Your objective:
Restate all entries exactly. Skip the images.

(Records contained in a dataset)
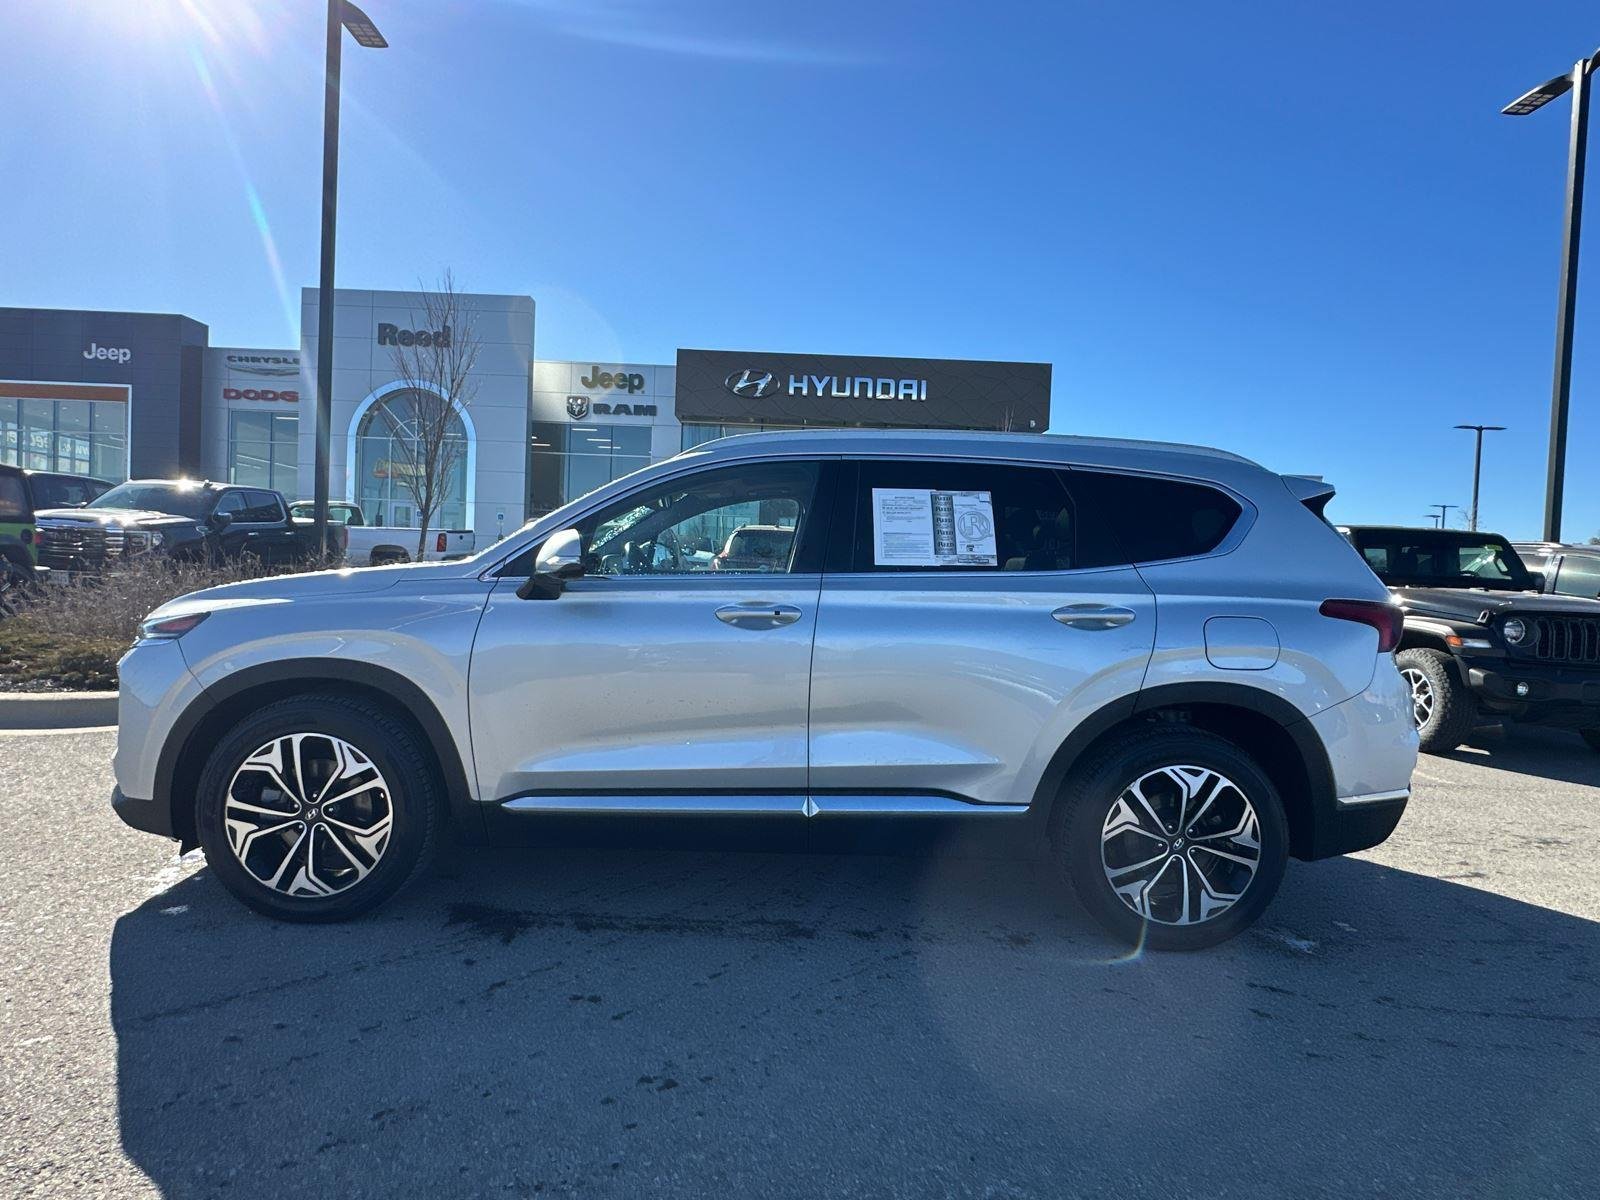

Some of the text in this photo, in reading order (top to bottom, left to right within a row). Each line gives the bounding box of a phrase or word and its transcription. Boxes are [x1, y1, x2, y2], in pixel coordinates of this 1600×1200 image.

[378, 323, 451, 348] Reed
[83, 342, 131, 364] Jeep
[227, 355, 300, 365] CHRYSLE
[581, 365, 645, 394] Jeep
[788, 375, 927, 401] HYUNDAI
[223, 388, 299, 402] DODG
[593, 403, 657, 416] RAM

Result of this task:
Some of the text in this photo, in reading order (top to bottom, left to right within a row). Each line gives the bounding box of a phrase or word and its transcription. Boxes are [x1, y1, x2, y2], in pixel coordinates of this 1600×1200 image.

[378, 323, 451, 348] Reed
[83, 342, 131, 364] Jeep
[227, 355, 300, 365] CHRYSLE
[581, 365, 645, 394] Jeep
[788, 375, 927, 401] HYUNDAI
[223, 388, 299, 402] DODG
[593, 403, 657, 416] RAM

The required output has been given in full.